Wednesday, 21 July 2021

Seen and Heard: April to June 2021

Magic Mobile by Michael Frayn – lovely collection of short funny pieces, including many perceptive pastiches of people's extraordinary use of language. My favourites: 'As true as I'm standing here', a documentary presenter is determined to render the film-making process transparent to viewers by including ALL the shot footage. 'Well done ya!', a telesales caller is treated to unsolicited replies to their unsolicited questions. 'Oh, you shouldn't have' The MD of a gas company sends an inappropriately chatty letter to a customer who has just paid their final demand bill under threat of legal action.

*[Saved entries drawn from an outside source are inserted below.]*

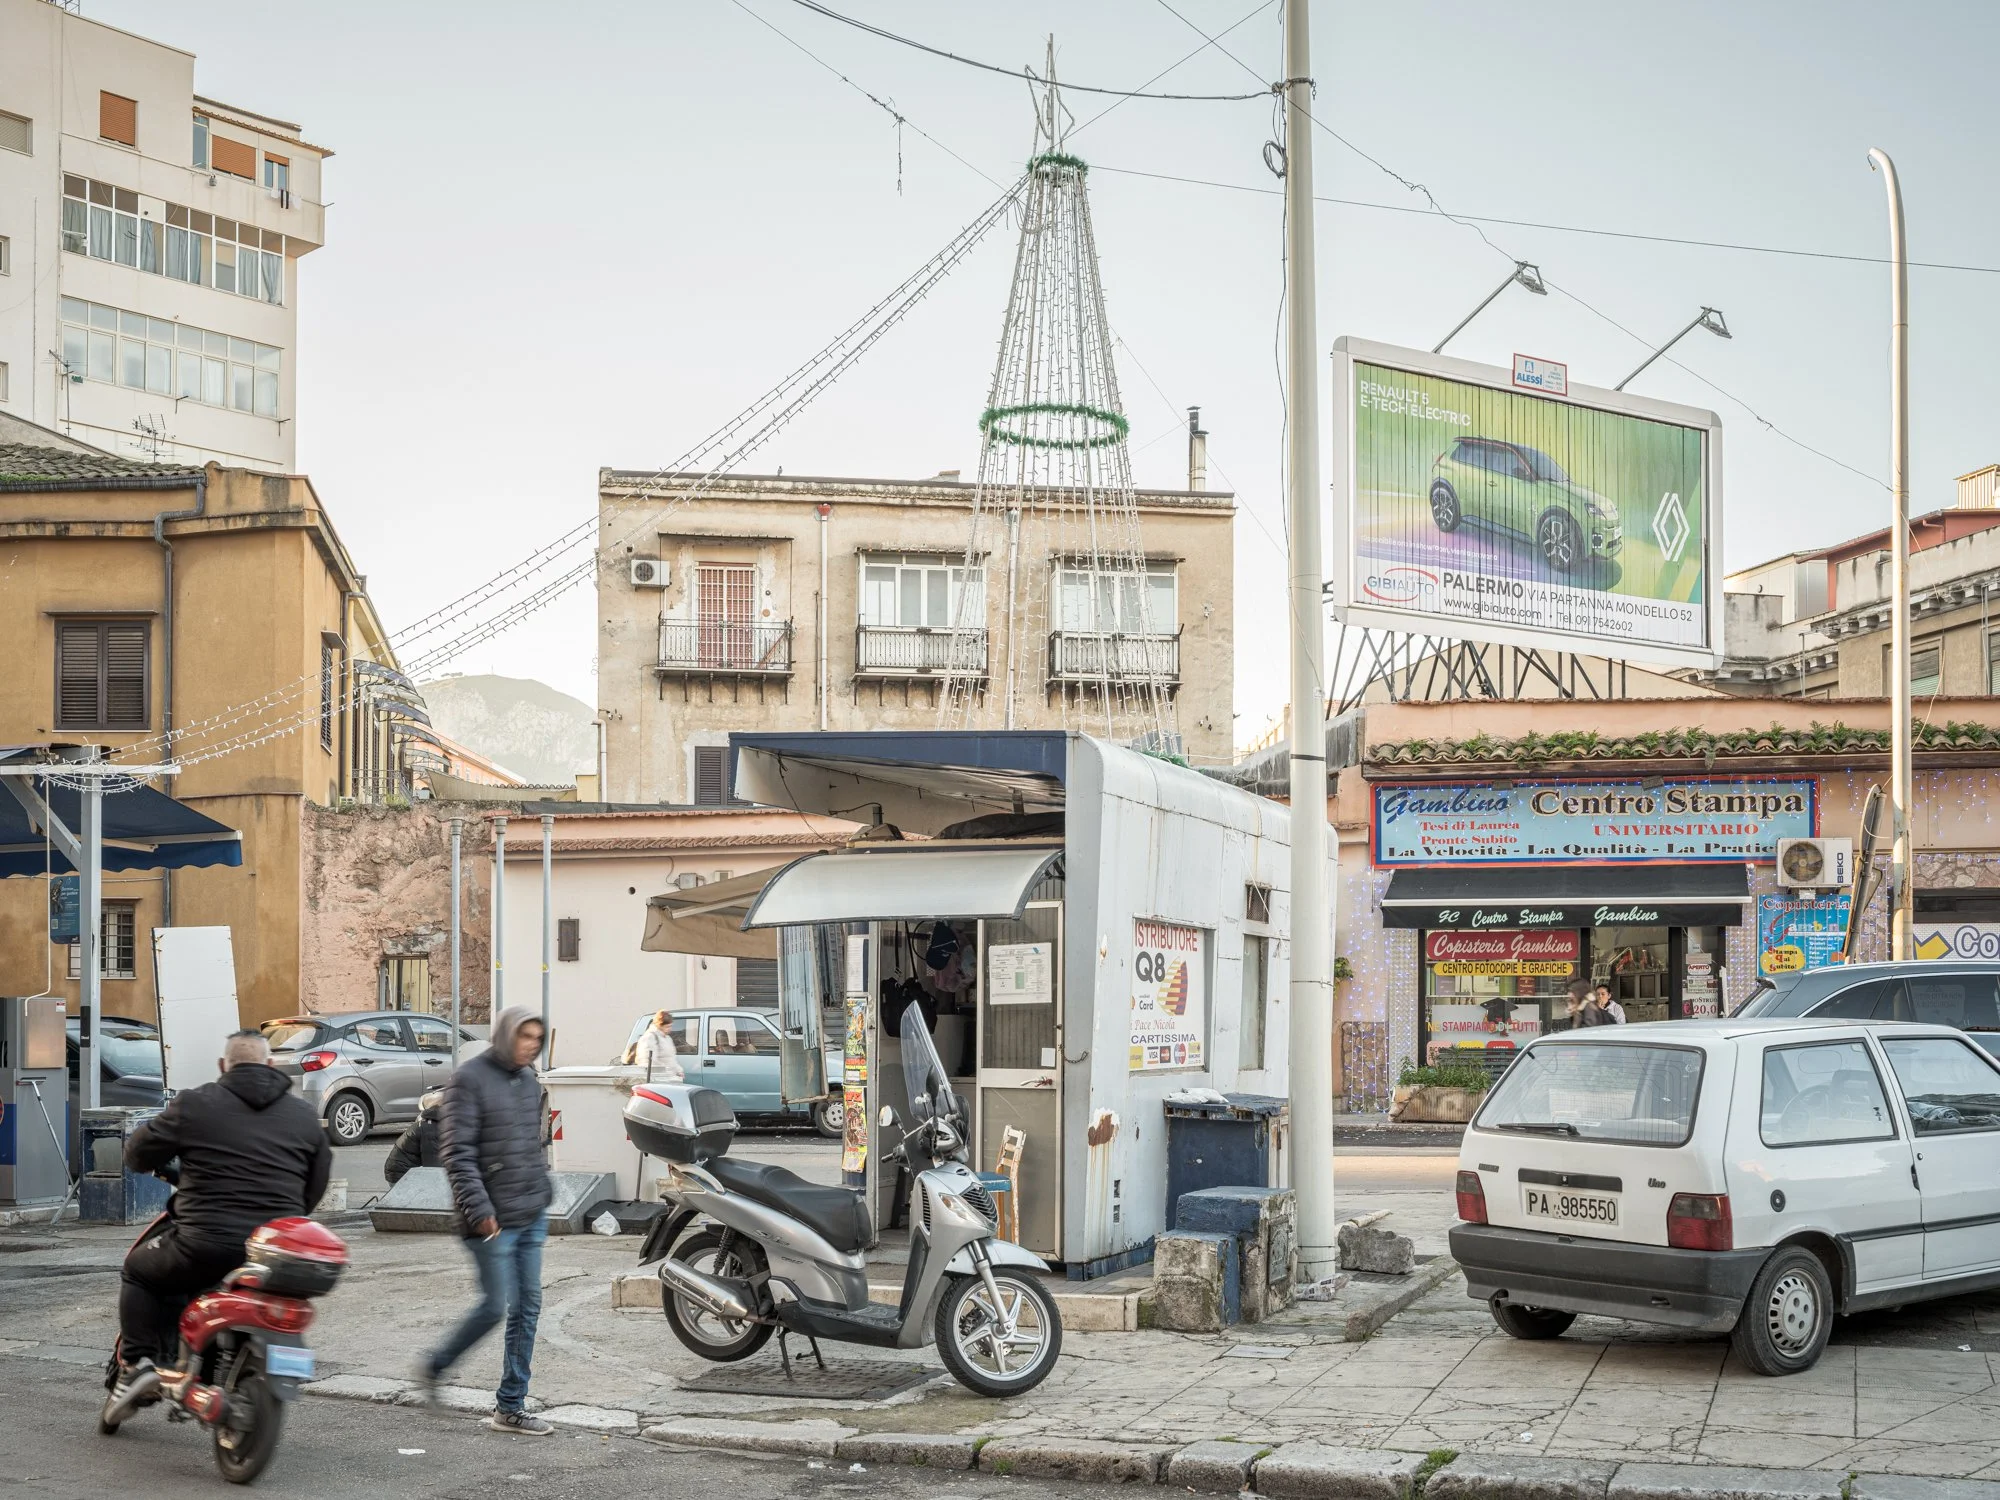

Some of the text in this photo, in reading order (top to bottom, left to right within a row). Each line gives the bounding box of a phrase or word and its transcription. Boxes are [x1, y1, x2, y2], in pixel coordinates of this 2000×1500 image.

[1361, 380, 1430, 405] RENAULT 5
[1361, 394, 1471, 426] E-TECH ELECTRIC
[1367, 575, 1435, 596] GIBIAUTO
[1443, 572, 1693, 622] PALERMO VIA PARTANNA MONDELLO 52
[1444, 598, 1542, 620] www.gibiauto.com
[1593, 616, 1633, 632] 7542602
[1383, 788, 1805, 824] Gambino Centro Stampa
[1421, 820, 1521, 831] Tesi di Laurea
[1594, 824, 1759, 836] UNIVERSITARIO
[1389, 847, 1416, 857] La
[1423, 844, 1508, 857] Velocità
[1527, 845, 1556, 855] La
[1563, 843, 1648, 856] Qualità
[1667, 843, 1696, 854] La
[1705, 842, 1775, 854] Pratic
[1421, 834, 1518, 845] Pronte Subito
[1836, 852, 1844, 884] BEKO
[1763, 898, 1850, 911] Copisteria
[1472, 909, 1509, 928] Centro
[1519, 908, 1564, 925] Stampa
[1594, 906, 1659, 925] Gambino
[1434, 934, 1574, 958] Copisteria Gambino
[1954, 925, 2000, 959] Co
[1135, 951, 1166, 983] Q8
[1443, 962, 1567, 974] CENTRO FOTOCOPIE E GRAFICHE
[1139, 1000, 1153, 1010] Card
[1442, 1021, 1496, 1032] STAMPIAMO
[1511, 1021, 1538, 1032] TUTTI
[1131, 1034, 1197, 1044] CARTISSIMA
[1149, 1051, 1158, 1059] VISA
[1648, 1178, 1666, 1188] Uno
[1528, 1192, 1549, 1214] PA
[1561, 1196, 1616, 1221] 985550

Agent A: Puzzle in Disguise – very enjoyable escape room puzzle game. The sixties spy thriller theme – it both looks and sounds (musically) like The Incredibles – has you playing in first person as the eponymous secret agent (gender unspecified), in pursuit of the femme fatale Ruby La Rouge, who has set numerous obstacles and traps in your path while carelessly also leaving around sufficient tools, hints and passcodes for you to overcome them. See also a review (of Part 1 only), an interview with the designer, and a walkthrough guide

Rusty Lake: Cube Escape – another escape room puzzle game, but this one is creepy: a bit David Lynch. Astonishing how hard puzzles can be, even in a very limited setting with very restricted possible actions. Thank goodness for walkthroughs... 

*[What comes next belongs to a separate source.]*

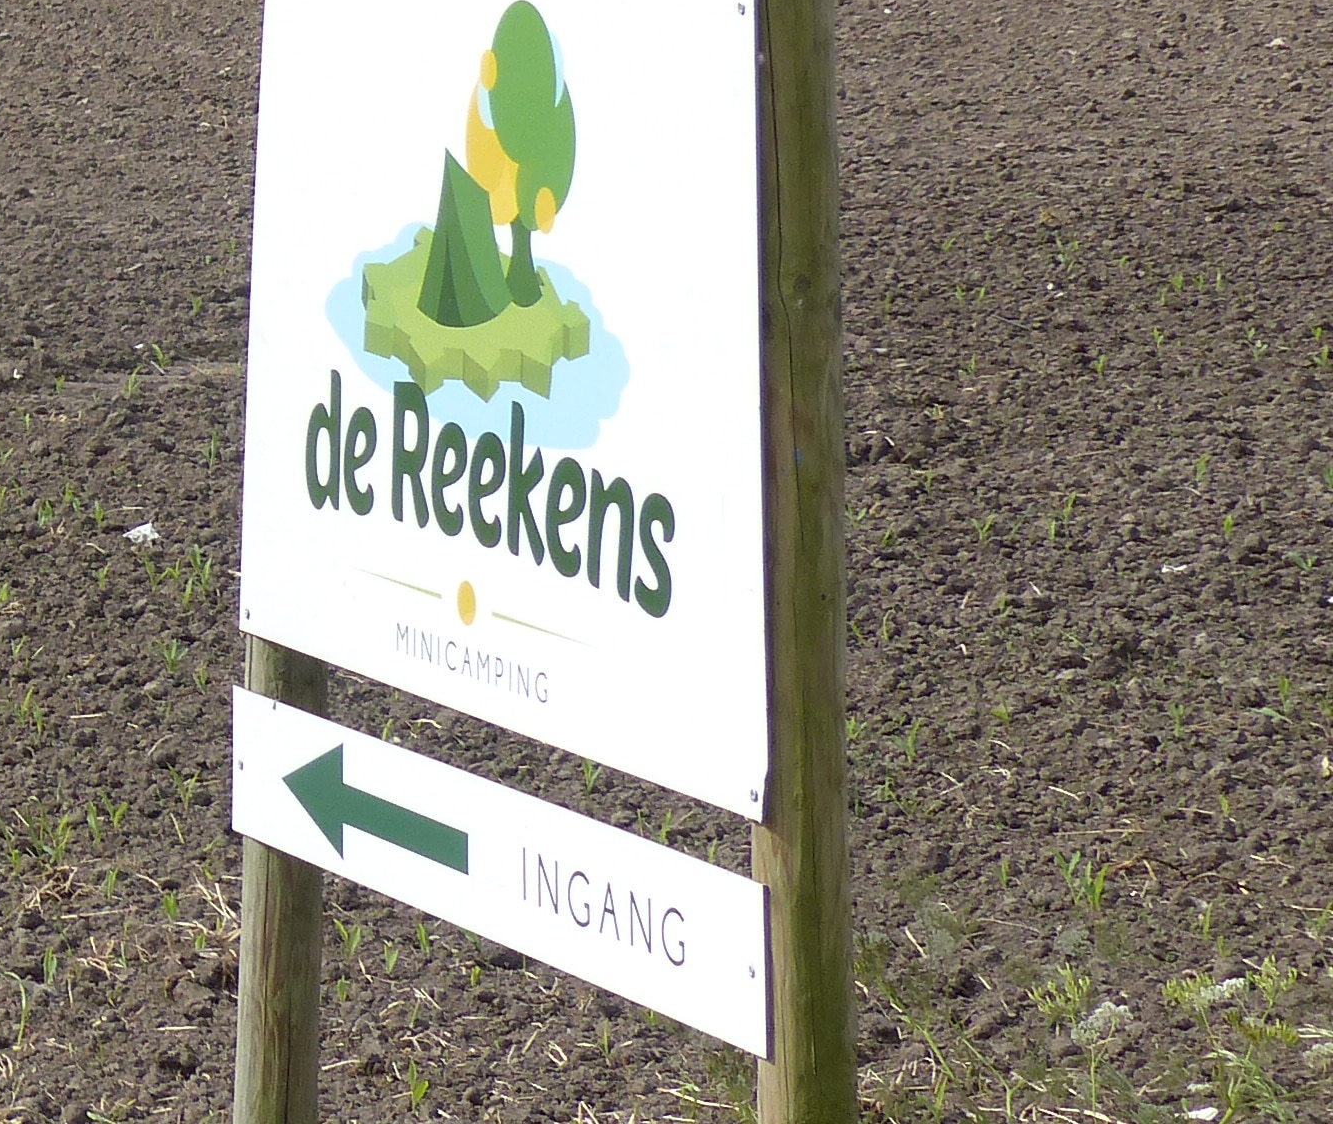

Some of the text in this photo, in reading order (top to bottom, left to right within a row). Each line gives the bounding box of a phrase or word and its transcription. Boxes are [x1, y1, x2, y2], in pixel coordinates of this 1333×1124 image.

Funeral of the Duke of Edinburgh – a most impressive display, actually made more impressive by Covid restrictions, without thousands of public spectators, and the Windsor Castle chapel choir replaced by four soloists who did a stunning job. See a detailed commentaries on the musical choices by John Rutter and on the performance by James MacMillan (composer).

Saved by a Stranger – BBC TV documentary series. The concept sounded a bit cheesy - people whose lives have been saved are reunited with the people who saved them - but it was actually moving and soul-enlarging, mainly down to two things. The first was the time and care taken to reconstruct for us the life-threatening circumstances (the 7/7 London terrorist bombings, the Bosnian genocide, HIV infection in the 1980s, the Belfast 'Troubles' etc). The second was Anita Rani as presenter and interlocutor for the survivors, displaying the necessary compassion and sensitivity to an extraordinary degree.

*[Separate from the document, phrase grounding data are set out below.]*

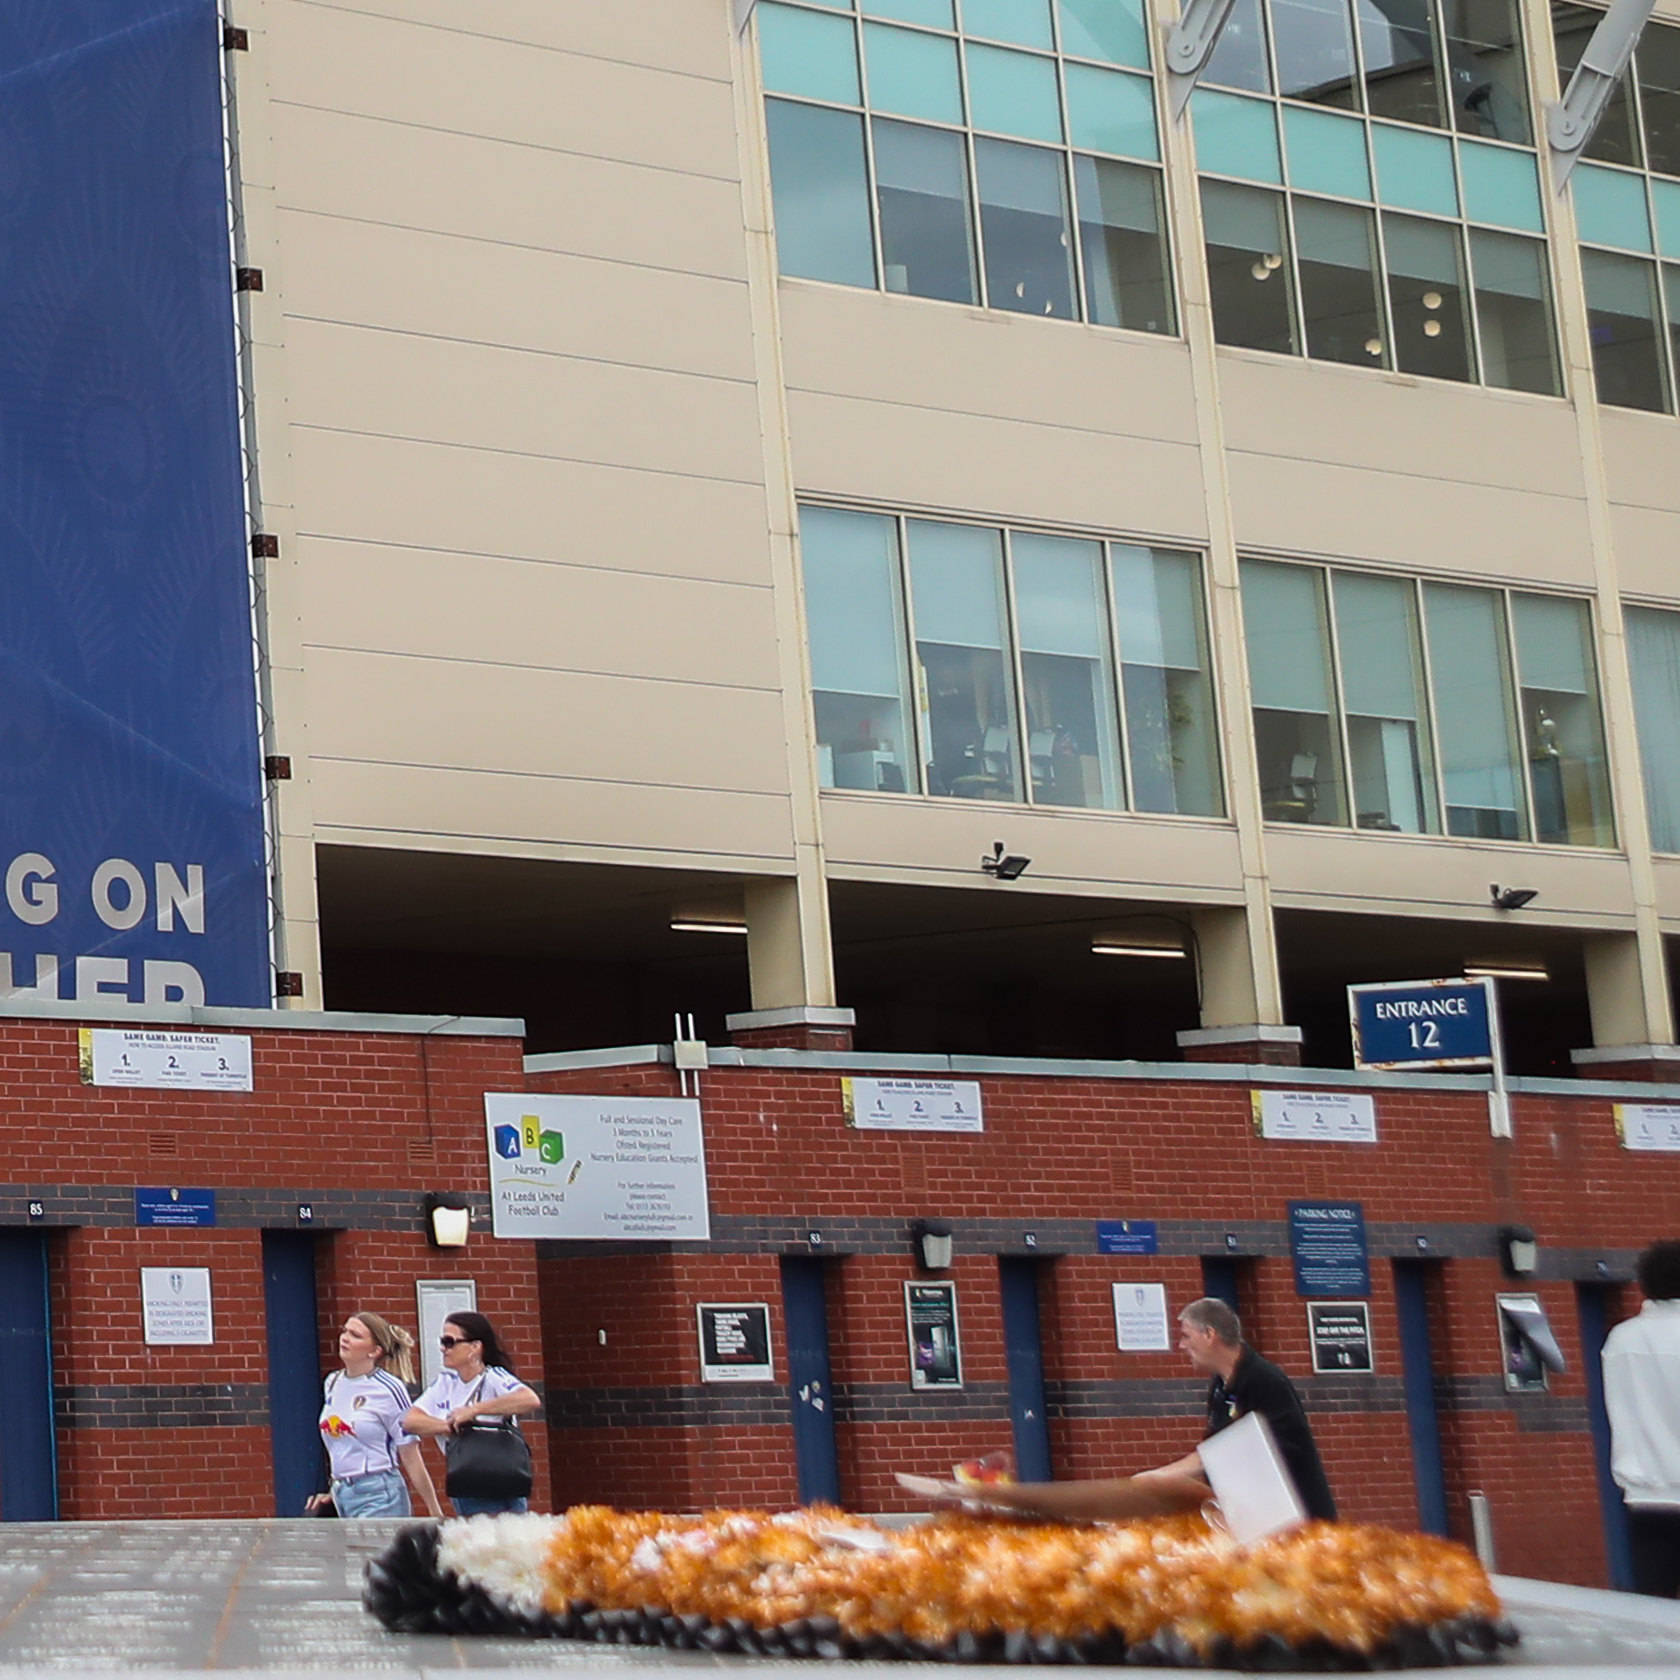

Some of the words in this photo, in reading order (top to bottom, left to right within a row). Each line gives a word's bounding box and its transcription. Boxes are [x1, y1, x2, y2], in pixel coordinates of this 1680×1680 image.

[92, 858, 206, 935] ON
[1376, 997, 1468, 1019] ENTRANCE
[1408, 1021, 1440, 1048] 12
[514, 1165, 547, 1176] Nursery
[513, 1191, 536, 1201] Leeds
[538, 1192, 564, 1202] United
[298, 1205, 312, 1219] 84
[508, 1205, 539, 1216] Football
[542, 1205, 559, 1216] Club

Baby Surgeons: Delivering Miracles – astonishing fly-on-the-wall documentary series of life-saving surgery inside the womb. If you needed to have it done, this is the team you’d want to have doing it.

Call the Midwife, series 10 – another set of challenging but heart-warming episodes, now up to 1966.

Gris – the game looked good, with an intriguing premise, but I just couldn't manage the platforming, and quickly abandoned it.

Jenny LeClue: Detectivú – well-reviewed cartoon adventure game. Now this is more like it! A game that isn't too hard (arguably it's too easy), yet manages to continually baffle and surprise. Jenny LeClue is the heroine of Arthur Finklestein's series of children's detective stories, now facing declining sales as readers start to find them too safe and trite. Under pressure from his publisher, Finkelstein throws Jenny into a challenging story, involving conspiracy, corporate cover-up and (gasp!) actual death, at least apparently. Pitch-perfect scripting and (in the enhanced edition) voice acting brings the story to life. Once again, indie studios show how it should be done.

The Odyssey – in a new well-received translation by Emily Wilson, breaking with the tradition (going back to Alexander Pope) of rendering it in portentous language. "Homer's language is markedly rhythmical, but it is not difficult or ostentatious.... Stylistic pomposity is entirely un-Homeric." (Translator's note, p. 83) Her straight-forward, ordinary language certainly makes it easier to see what is happening, and indeed not happening. The surprise for me was how little of the work is actually occupied by heroic adventures (which are all one gets in popular re-tellings), and how much by people being entertained as guests in each other's courts. Is this in fact a work primarily about hospitality? The ending – in which Athena abruptly intervenes to prevent all-out war between Odysseus's family and the relatives of the suitors he slaughtered – is just baffling.

Extra Life – BBC documentary series, in which David Olusoga and Steven Johnson recount the history and the science of four key developments which led to the past century's dramatic increase in life expectancy, with more than an eye on the current Covid pandemic: vaccination, drugs, data and hygiene behaviour. No dumbing down or presentational gimmicks, and great history from Olusoga (as you’d expect), always pointing out the social and political setting of what might otherwise appear as simple scientific progress. TV at its best.